» **Task to complete**
Locate the line containing "this 1827×1764 image." in the data below. Reproduce it and every following line up to the end, exactly as given.

» **Excerpted records**
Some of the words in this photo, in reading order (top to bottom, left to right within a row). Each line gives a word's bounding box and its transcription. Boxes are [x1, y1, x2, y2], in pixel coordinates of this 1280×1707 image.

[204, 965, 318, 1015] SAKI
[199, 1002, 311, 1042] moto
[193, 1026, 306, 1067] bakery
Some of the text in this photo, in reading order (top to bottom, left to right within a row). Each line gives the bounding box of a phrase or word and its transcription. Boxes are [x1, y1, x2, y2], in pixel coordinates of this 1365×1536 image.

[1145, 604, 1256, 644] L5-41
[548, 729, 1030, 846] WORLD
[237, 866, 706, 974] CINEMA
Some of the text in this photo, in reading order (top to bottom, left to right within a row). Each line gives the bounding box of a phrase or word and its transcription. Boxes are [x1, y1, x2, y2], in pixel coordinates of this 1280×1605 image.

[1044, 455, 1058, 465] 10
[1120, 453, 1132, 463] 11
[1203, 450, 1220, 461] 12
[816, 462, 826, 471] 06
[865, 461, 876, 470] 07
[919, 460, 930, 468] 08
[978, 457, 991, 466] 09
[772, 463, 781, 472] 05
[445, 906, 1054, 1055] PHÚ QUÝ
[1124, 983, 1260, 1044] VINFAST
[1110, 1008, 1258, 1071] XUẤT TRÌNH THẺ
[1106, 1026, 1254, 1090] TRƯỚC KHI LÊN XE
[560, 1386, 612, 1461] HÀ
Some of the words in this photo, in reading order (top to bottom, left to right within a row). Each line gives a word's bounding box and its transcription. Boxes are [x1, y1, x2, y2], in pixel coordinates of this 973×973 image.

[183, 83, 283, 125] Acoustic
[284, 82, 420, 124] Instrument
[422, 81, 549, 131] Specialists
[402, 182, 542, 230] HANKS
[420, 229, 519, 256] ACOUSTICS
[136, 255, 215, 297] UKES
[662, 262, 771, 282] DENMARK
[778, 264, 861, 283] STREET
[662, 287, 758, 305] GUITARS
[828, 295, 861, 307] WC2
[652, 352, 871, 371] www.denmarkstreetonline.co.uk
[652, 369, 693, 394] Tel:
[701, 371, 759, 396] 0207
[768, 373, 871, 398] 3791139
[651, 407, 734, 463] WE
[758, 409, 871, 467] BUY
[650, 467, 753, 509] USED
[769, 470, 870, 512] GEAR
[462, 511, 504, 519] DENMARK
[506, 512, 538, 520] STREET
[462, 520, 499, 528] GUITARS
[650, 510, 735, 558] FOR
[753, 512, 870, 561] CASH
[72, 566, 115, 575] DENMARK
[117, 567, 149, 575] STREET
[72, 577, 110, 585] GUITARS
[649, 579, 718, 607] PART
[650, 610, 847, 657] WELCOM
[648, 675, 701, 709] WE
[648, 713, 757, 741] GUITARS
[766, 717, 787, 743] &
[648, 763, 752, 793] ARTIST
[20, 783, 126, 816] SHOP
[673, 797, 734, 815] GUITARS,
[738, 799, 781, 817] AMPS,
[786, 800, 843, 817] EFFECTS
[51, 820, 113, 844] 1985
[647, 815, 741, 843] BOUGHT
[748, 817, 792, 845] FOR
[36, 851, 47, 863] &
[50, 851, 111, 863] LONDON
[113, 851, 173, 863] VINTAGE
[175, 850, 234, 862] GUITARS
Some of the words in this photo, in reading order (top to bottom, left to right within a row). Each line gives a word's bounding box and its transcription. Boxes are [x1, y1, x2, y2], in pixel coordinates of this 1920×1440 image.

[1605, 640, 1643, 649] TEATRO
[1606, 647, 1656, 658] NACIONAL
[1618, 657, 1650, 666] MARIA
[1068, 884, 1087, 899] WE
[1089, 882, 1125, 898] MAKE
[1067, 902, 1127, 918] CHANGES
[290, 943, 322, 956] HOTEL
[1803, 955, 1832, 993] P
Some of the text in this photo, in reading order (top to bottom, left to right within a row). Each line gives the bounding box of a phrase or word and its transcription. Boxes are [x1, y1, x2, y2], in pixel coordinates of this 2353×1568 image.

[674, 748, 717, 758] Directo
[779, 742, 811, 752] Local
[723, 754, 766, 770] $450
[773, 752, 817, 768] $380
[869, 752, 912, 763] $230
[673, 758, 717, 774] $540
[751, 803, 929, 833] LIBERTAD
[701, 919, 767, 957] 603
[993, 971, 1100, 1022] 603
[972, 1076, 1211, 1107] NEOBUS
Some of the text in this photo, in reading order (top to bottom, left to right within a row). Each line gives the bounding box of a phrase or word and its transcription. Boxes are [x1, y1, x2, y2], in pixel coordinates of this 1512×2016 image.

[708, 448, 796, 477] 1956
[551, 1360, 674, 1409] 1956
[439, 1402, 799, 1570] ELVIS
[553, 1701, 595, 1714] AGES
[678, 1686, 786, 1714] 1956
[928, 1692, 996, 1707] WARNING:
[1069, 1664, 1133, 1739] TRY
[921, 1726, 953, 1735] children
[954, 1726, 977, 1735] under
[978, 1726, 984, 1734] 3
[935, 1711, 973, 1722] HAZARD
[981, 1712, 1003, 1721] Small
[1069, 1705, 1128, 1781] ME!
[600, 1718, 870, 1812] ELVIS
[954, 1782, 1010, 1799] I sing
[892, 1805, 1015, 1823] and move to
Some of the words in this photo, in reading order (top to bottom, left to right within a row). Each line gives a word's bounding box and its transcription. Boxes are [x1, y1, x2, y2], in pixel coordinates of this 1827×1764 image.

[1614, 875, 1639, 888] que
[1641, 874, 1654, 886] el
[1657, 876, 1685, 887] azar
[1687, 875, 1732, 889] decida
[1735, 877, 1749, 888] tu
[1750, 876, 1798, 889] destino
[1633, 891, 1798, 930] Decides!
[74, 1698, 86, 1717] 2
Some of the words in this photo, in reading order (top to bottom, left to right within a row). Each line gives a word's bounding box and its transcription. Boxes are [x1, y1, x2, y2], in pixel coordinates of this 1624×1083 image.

» **Solution to this task**
Some of the words in this photo, in reading order (top to bottom, left to right within a row). Each line gives a word's bounding box and its transcription. Boxes are [x1, y1, x2, y2], in pixel coordinates of this 1827×1764 image.

[1614, 875, 1639, 888] que
[1641, 874, 1654, 886] el
[1657, 876, 1685, 887] azar
[1687, 875, 1732, 889] decida
[1735, 877, 1749, 888] tu
[1750, 876, 1798, 889] destino
[1633, 891, 1798, 930] Decides!
[74, 1698, 86, 1717] 2
Some of the words in this photo, in reading order (top to bottom, left to right within a row). Each line gives a word's bounding box and its transcription. Boxes are [x1, y1, x2, y2], in pixel coordinates of this 1624×1083 image.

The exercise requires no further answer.